= YOUR INSTRUCTIONS =
What you write must match exactly the lines from the one with "Some of the text" through the last line of the material below.

= RECORDS TO PROCESS =

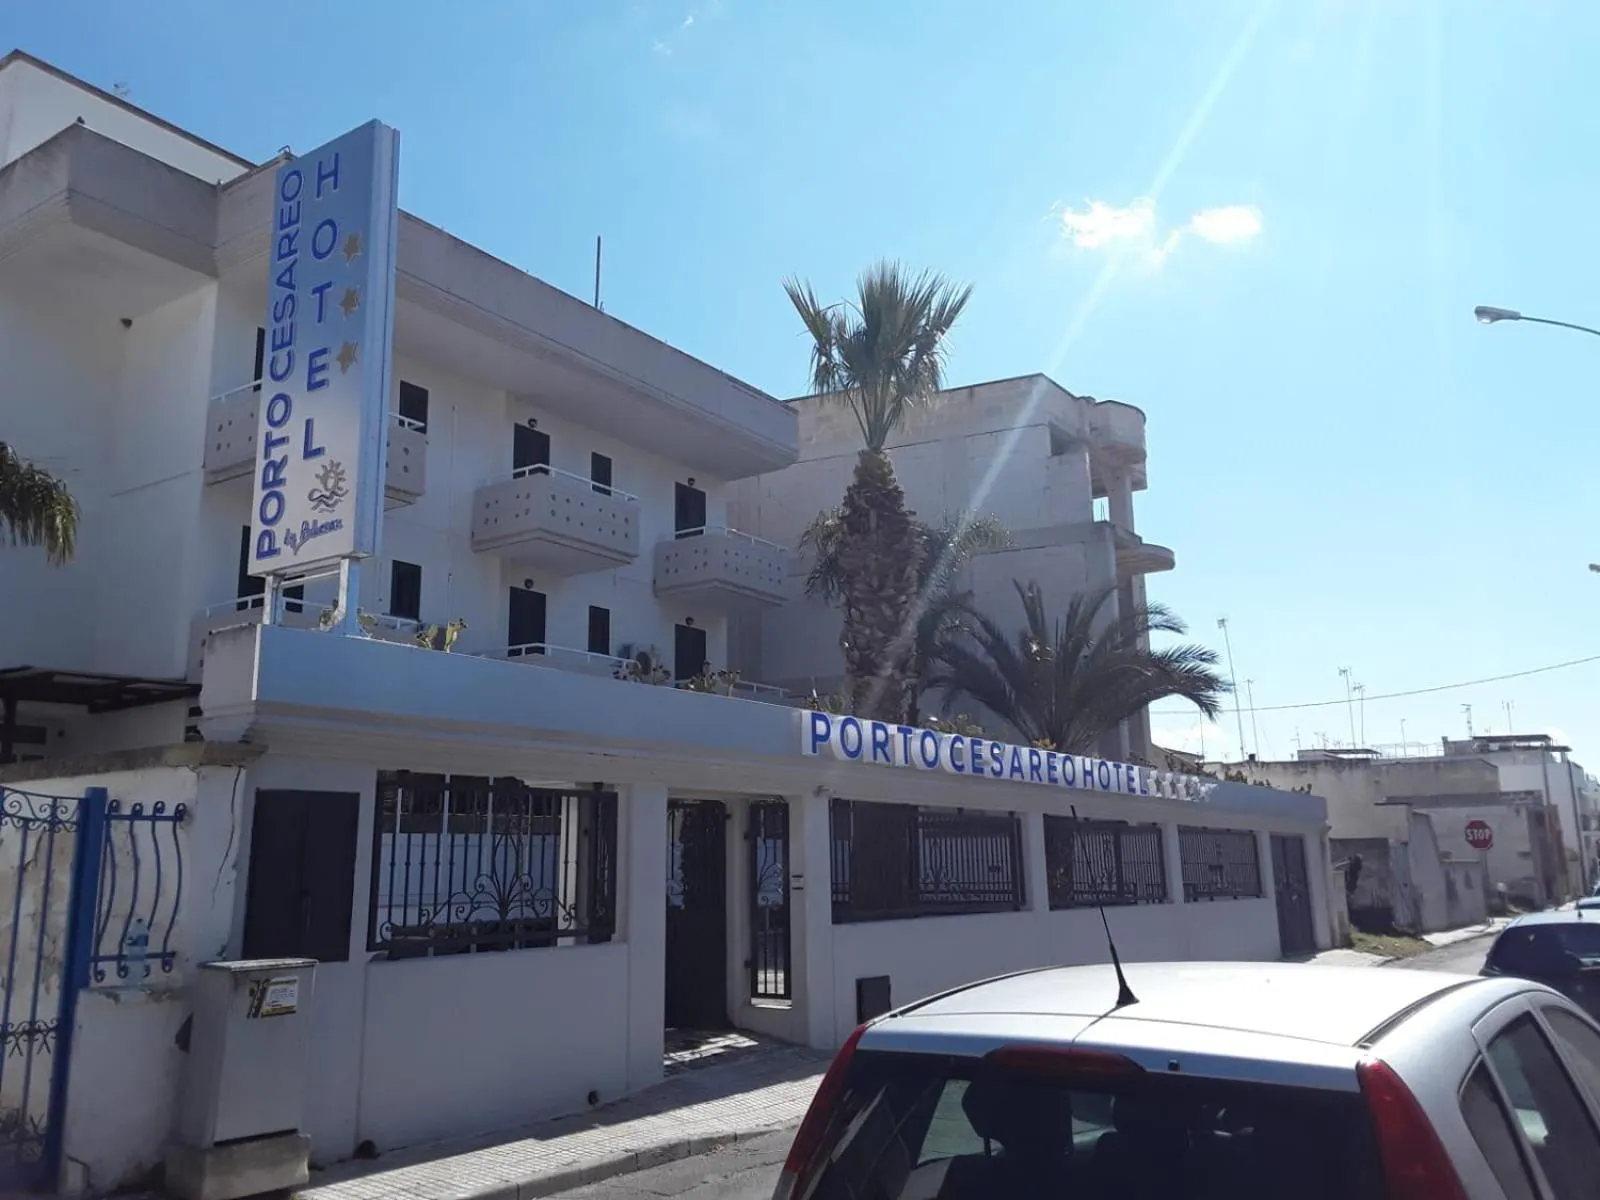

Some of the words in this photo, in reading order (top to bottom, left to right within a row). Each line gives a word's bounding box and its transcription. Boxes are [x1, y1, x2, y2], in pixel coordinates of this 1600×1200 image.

[270, 169, 304, 383] CESAREO
[303, 152, 340, 460] HOTEL
[256, 393, 292, 560] PORTO
[810, 711, 939, 769] PORTO
[949, 734, 1077, 788] CESAREO
[1082, 757, 1148, 796] HOTEL
[1465, 828, 1490, 841] STOP
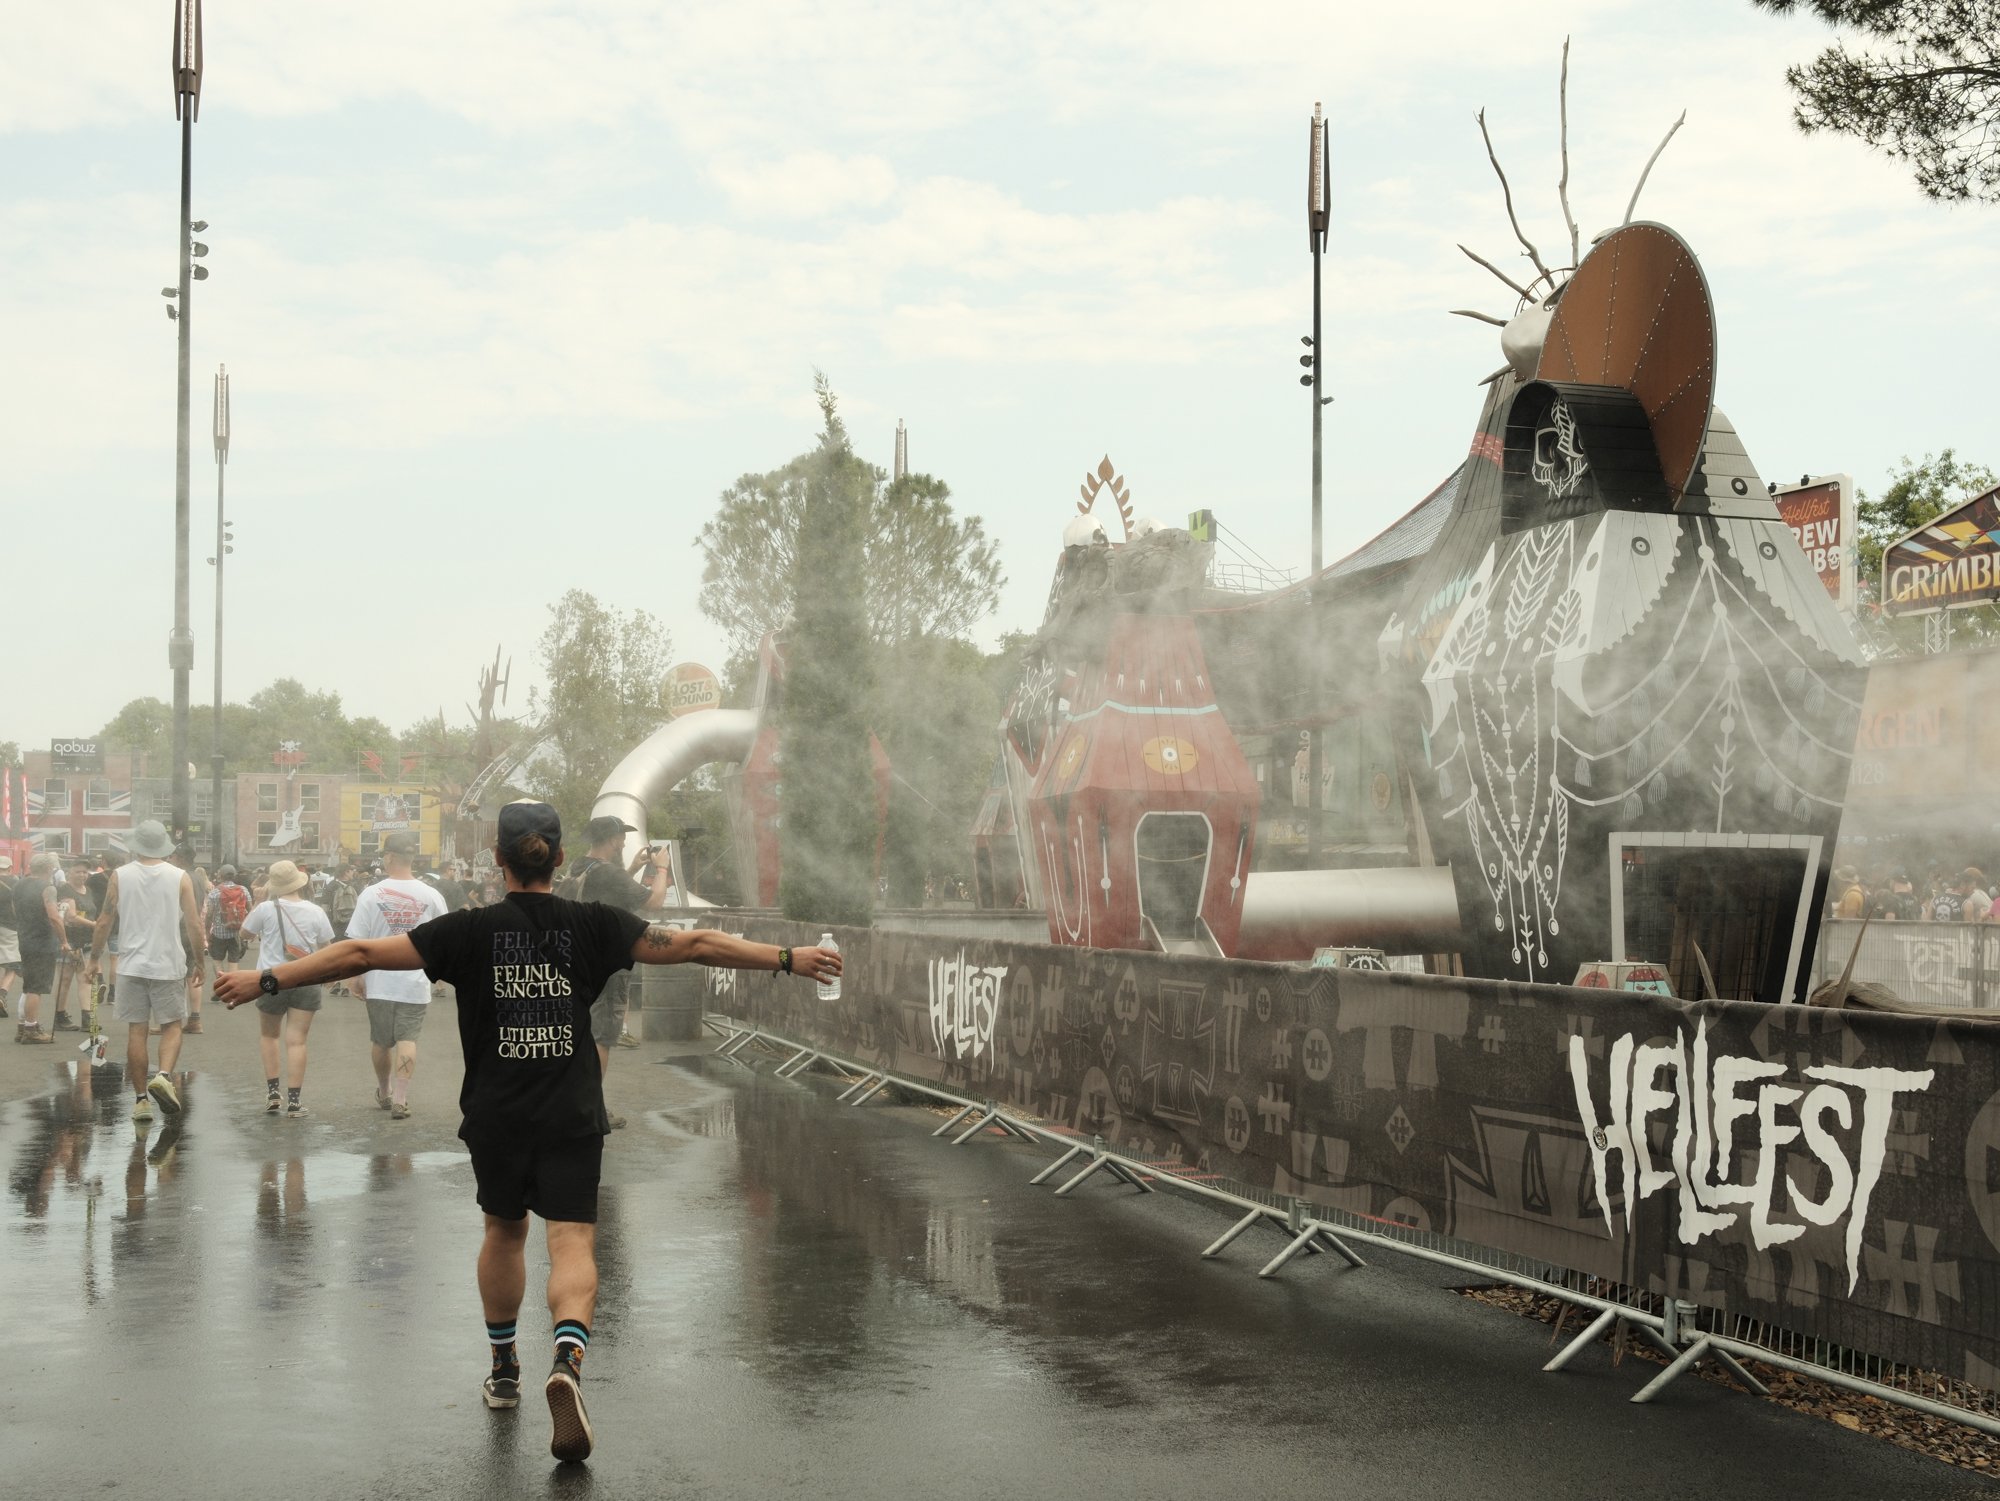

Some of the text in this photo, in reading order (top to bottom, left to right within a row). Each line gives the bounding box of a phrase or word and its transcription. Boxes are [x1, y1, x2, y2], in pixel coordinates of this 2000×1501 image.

[1782, 497, 1830, 523] Hellfest
[673, 681, 704, 696] LOST
[54, 740, 96, 757] qobuz
[493, 979, 572, 998] SANCTUS
[928, 946, 1009, 1075] HELLFEST
[498, 1040, 574, 1059] CROTTUS
[1569, 1014, 1935, 1298] HELLFEST

= TASK RESULT =
Some of the text in this photo, in reading order (top to bottom, left to right within a row). Each line gives the bounding box of a phrase or word and its transcription. Boxes are [x1, y1, x2, y2], in pixel coordinates of this 2000×1501 image.

[1782, 497, 1830, 523] Hellfest
[673, 681, 704, 696] LOST
[54, 740, 96, 757] qobuz
[493, 979, 572, 998] SANCTUS
[928, 946, 1009, 1075] HELLFEST
[498, 1040, 574, 1059] CROTTUS
[1569, 1014, 1935, 1298] HELLFEST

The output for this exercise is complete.